Sensory Integration

Visual Sense

When light reaches the retina, the process of vision initiates. Approximately six decades ago, scientists uncovered that each visual cell’s receptive field activates when light hits a small central region but is inhibited by surrounding light. If light covers the entire field, the cell’s response is subdued.

Vision commences with light passing through the cornea and lens, forming a clear image on the retina, much like a camera. The retinal image is reversed, with objects above the center projecting to the lower part and vice versa. Electrical signals carrying information from the retina travel via the optic nerve to the brain, where further processing enables sight.

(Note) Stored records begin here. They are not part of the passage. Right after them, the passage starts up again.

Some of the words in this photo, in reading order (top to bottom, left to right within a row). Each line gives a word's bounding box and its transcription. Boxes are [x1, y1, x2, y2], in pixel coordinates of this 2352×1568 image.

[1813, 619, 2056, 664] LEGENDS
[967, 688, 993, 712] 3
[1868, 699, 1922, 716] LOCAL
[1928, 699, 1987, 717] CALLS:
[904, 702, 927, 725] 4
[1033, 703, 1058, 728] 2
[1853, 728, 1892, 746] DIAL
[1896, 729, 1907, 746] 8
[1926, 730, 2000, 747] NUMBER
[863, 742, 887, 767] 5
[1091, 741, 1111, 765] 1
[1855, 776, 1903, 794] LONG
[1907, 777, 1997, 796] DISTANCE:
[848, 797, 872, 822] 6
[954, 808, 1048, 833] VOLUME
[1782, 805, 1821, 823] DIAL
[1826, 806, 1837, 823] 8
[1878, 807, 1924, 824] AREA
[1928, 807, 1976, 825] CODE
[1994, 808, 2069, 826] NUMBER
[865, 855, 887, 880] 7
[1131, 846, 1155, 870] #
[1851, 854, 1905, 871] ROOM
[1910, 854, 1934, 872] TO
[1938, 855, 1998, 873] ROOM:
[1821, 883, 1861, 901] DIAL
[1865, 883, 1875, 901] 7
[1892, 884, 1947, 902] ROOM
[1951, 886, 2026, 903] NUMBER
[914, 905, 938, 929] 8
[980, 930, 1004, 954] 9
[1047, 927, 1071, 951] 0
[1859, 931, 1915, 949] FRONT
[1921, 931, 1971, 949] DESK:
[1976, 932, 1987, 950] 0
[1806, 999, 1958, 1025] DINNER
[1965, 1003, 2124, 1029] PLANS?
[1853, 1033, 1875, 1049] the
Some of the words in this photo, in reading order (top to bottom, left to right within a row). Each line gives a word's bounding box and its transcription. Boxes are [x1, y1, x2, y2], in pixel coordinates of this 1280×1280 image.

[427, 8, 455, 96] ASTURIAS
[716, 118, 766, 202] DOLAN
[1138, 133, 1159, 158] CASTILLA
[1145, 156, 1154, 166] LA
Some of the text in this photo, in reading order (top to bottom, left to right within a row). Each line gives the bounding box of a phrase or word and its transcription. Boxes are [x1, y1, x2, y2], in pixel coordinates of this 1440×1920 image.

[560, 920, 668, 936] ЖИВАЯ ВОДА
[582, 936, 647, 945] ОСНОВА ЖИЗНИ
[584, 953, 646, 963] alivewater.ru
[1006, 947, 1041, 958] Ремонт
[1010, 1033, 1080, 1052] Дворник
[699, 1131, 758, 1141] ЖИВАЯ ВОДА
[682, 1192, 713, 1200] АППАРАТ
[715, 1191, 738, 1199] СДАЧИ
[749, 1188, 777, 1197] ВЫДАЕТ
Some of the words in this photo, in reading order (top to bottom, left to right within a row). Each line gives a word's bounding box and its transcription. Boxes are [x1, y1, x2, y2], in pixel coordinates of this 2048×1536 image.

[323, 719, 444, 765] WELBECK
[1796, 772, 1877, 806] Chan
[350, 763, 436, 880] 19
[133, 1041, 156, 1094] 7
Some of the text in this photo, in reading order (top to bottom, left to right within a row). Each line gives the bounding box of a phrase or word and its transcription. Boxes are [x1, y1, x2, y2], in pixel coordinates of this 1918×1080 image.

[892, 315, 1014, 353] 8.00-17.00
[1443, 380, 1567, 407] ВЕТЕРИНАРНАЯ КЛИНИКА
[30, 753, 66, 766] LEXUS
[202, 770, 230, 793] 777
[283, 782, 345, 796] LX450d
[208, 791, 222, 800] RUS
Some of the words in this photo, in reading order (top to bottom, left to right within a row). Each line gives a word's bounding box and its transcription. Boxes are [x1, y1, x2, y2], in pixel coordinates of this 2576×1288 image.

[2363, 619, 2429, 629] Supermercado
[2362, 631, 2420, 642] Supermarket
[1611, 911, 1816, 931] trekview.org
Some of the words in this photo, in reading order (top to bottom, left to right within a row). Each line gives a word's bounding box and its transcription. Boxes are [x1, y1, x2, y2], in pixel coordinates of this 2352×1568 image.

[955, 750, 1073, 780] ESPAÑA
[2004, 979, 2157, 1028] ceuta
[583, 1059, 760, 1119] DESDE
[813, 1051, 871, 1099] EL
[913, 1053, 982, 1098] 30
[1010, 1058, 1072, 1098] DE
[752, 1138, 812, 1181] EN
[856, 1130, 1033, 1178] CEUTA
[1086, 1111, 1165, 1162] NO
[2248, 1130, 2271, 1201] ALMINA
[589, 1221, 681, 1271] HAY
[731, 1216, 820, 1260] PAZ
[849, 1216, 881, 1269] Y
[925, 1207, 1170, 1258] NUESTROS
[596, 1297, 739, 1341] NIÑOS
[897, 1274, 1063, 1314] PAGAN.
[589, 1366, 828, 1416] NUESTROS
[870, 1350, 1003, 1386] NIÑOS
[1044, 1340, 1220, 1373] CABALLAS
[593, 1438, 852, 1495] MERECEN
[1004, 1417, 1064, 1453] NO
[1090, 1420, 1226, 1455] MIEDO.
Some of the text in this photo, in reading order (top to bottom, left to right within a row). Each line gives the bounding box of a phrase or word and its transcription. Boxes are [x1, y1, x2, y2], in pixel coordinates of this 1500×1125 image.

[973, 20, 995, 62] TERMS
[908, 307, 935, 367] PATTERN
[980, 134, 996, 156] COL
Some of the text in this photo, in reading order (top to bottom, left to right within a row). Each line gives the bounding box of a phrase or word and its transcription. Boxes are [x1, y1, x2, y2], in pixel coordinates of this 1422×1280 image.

Hence, visual processing starts with comparing light levels in small retinal regions and their surroundings. Visual data from the retina is transmitted through the lateral geniculate nucleus to the primary visual cortex, situated in the occipital lobe at the back of the brain. This cortex, like the retina, contains densely packed cells in multiple layers. The middle layer, receiving messages from the lateral geniculate nucleus, exhibits responses akin to those in the retina and lateral geniculate cells. Cells above and below this layer respond differently, showing preferences for shapes, angles, and orientations.

Although the intricacies of visual processing mechanisms remain incompletely understood, recent studies in monkeys suggest that visual signals are channeled into three distinct processing systems: one for shape, another for color, and a third for movement, location, and spatial arrangement.

Human psychological studies corroborate findings from animal research, indicating that perceptions of movement, depth, perspective, object size, shading, and texture gradations are predominantly influenced by contrasts in light intensity rather than color.

Perception relies on organizing various elements to group related ones together, a function of the brain’s ability to unite and segregate image parts from their backgrounds. The integration of these systems culminates in the perception of vivid images of solid objects, as the brain extracts biologically relevant information at each stage and associates neuronal firing patterns with past experiences.